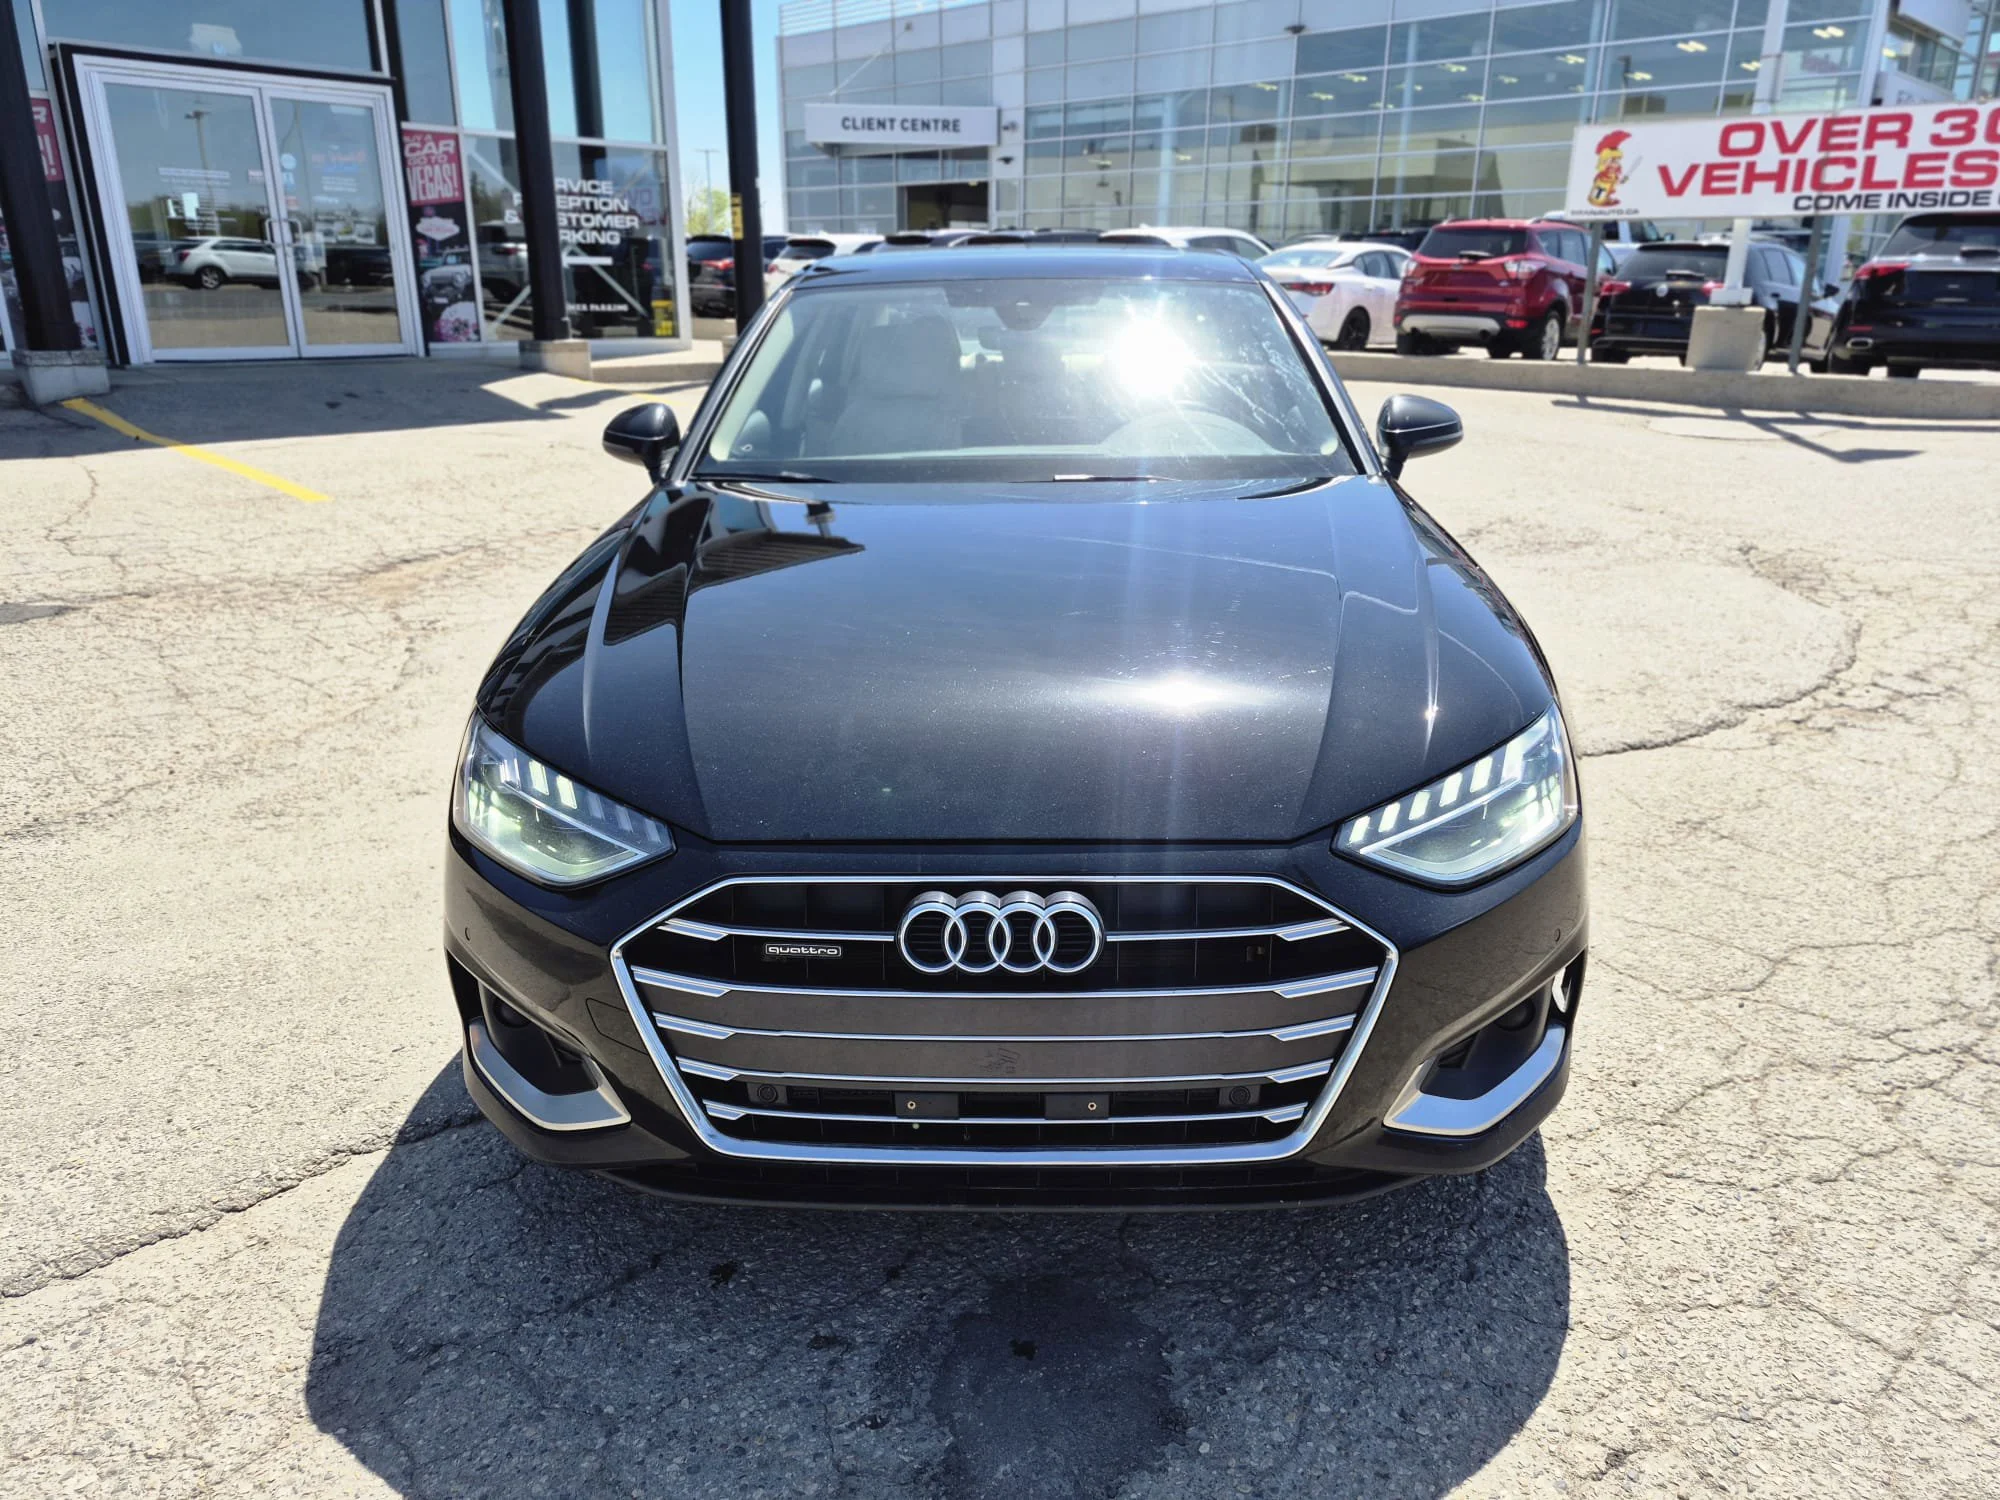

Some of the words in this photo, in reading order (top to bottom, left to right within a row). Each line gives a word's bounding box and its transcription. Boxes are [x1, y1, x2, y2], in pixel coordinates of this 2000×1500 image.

[841, 116, 897, 131] CLIENT
[900, 117, 962, 133] CENTRE
[1718, 113, 1913, 158] OVER
[1929, 106, 2000, 147] 3
[404, 140, 456, 157] CAR
[1657, 150, 2000, 197] VEHICLES
[406, 163, 459, 203] VEGAS!
[555, 178, 614, 195] RVICE
[1793, 193, 1882, 211] COME
[1887, 190, 1993, 209] INSIDE
[558, 213, 640, 229] STOMER
[559, 229, 621, 245] RKING
[768, 946, 838, 955] quattro
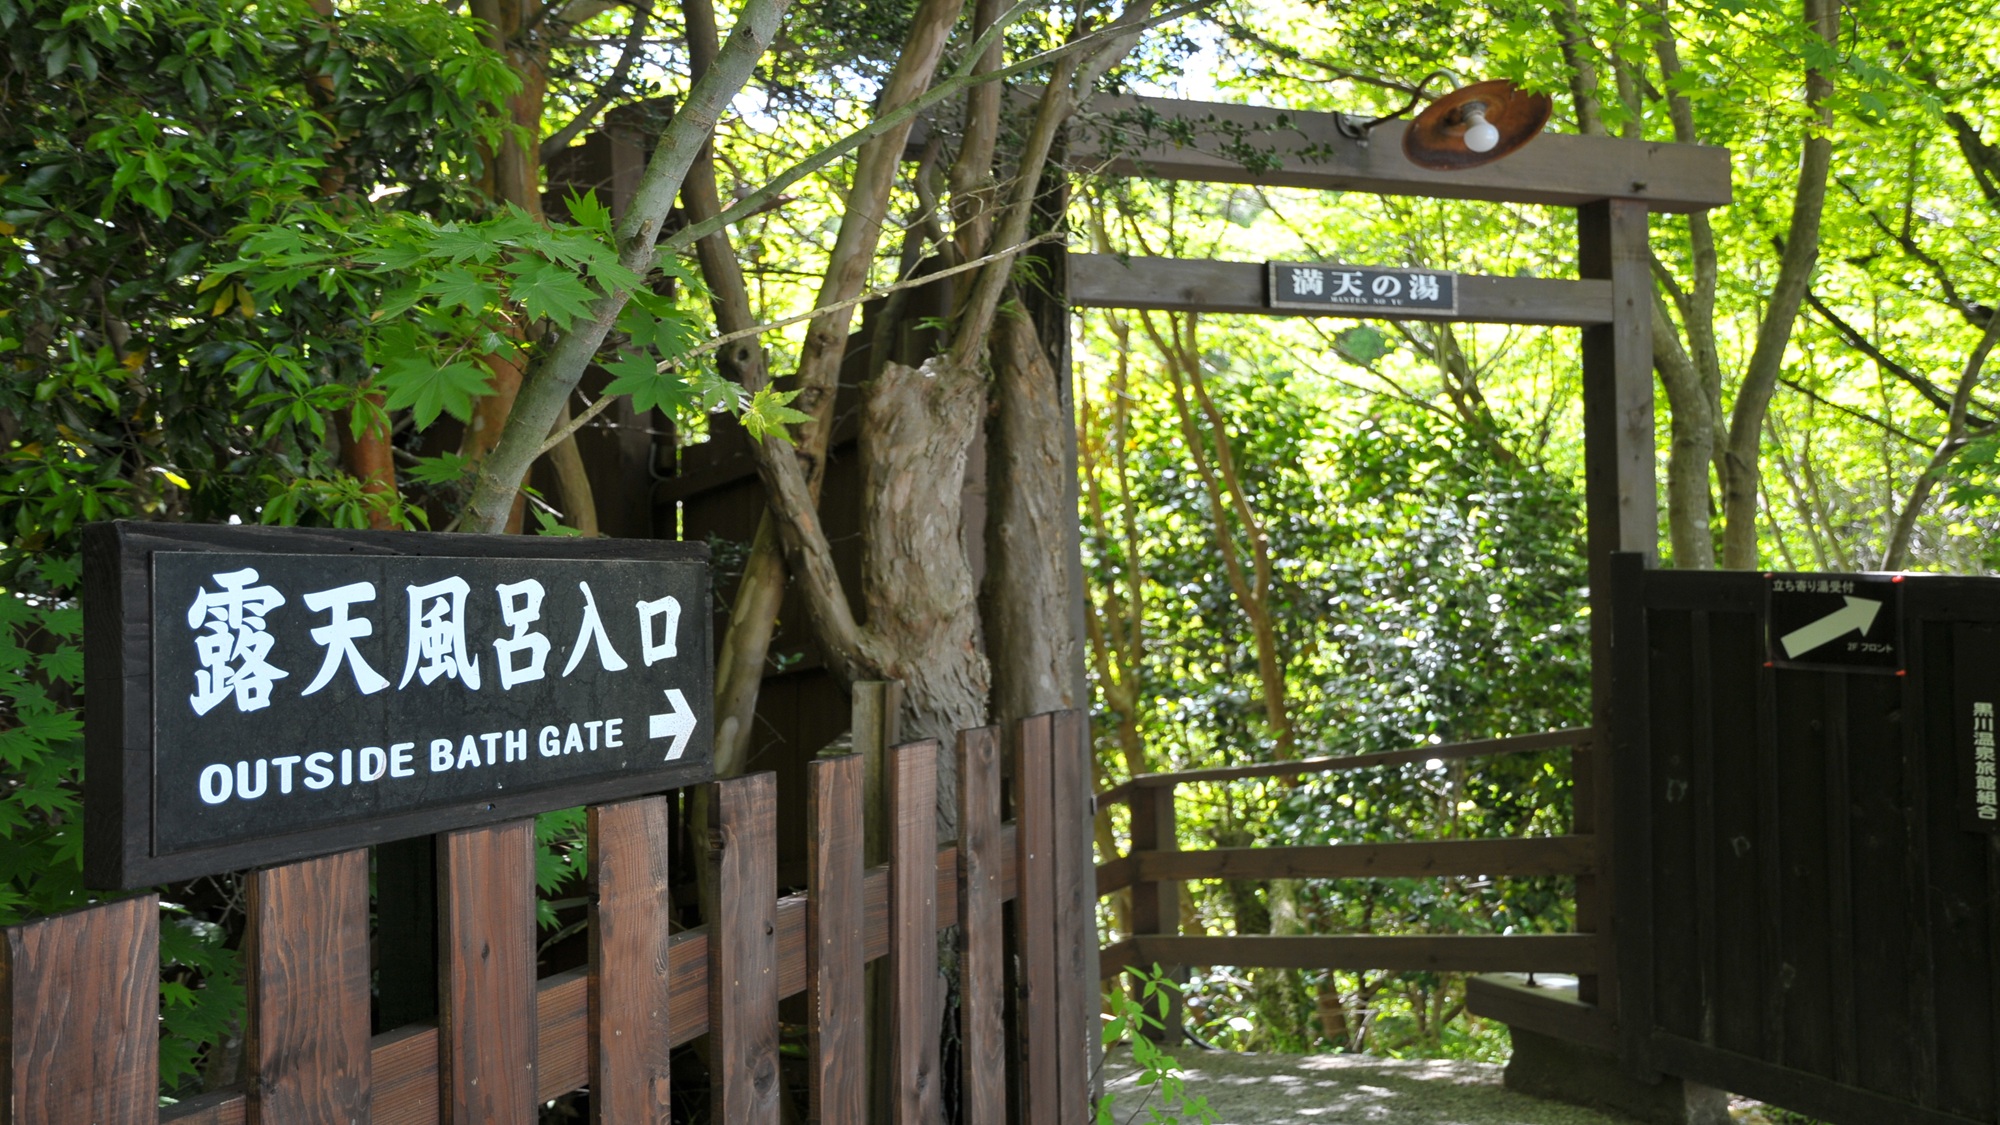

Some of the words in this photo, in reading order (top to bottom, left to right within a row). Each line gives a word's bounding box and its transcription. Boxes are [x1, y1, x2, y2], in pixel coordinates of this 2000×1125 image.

[1291, 268, 1440, 301] 満天の湯
[1330, 296, 1367, 305] MANTEN
[1773, 579, 1854, 593] 立ち寄り湯受付
[187, 567, 681, 716] 露天風呂入口
[1861, 643, 1893, 653] フロント
[199, 742, 415, 804] OUTSIDE
[430, 728, 527, 772] BATH
[538, 717, 623, 758] GATE
[1973, 702, 1997, 820] 黒川温泉旅館組合

########

TASK TO CARRY OUT:
Give back the entries verbatim. Do not include any picture.

EXERCISE RESPONSE:
Some of the words in this photo, in reading order (top to bottom, left to right within a row). Each line gives a word's bounding box and its transcription. Boxes are [x1, y1, x2, y2], in pixel coordinates of this 2000×1500 image.

[841, 116, 897, 131] CLIENT
[900, 117, 962, 133] CENTRE
[1718, 113, 1913, 158] OVER
[1929, 106, 2000, 147] 3
[404, 140, 456, 157] CAR
[1657, 150, 2000, 197] VEHICLES
[406, 163, 459, 203] VEGAS!
[555, 178, 614, 195] RVICE
[1793, 193, 1882, 211] COME
[1887, 190, 1993, 209] INSIDE
[558, 213, 640, 229] STOMER
[559, 229, 621, 245] RKING
[768, 946, 838, 955] quattro

Some of the words in this photo, in reading order (top to bottom, left to right within a row). Each line gives a word's bounding box and its transcription. Boxes are [x1, y1, x2, y2], in pixel coordinates of this 2000×1125 image.

[1291, 268, 1440, 301] 満天の湯
[1330, 296, 1367, 305] MANTEN
[1773, 579, 1854, 593] 立ち寄り湯受付
[187, 567, 681, 716] 露天風呂入口
[1861, 643, 1893, 653] フロント
[199, 742, 415, 804] OUTSIDE
[430, 728, 527, 772] BATH
[538, 717, 623, 758] GATE
[1973, 702, 1997, 820] 黒川温泉旅館組合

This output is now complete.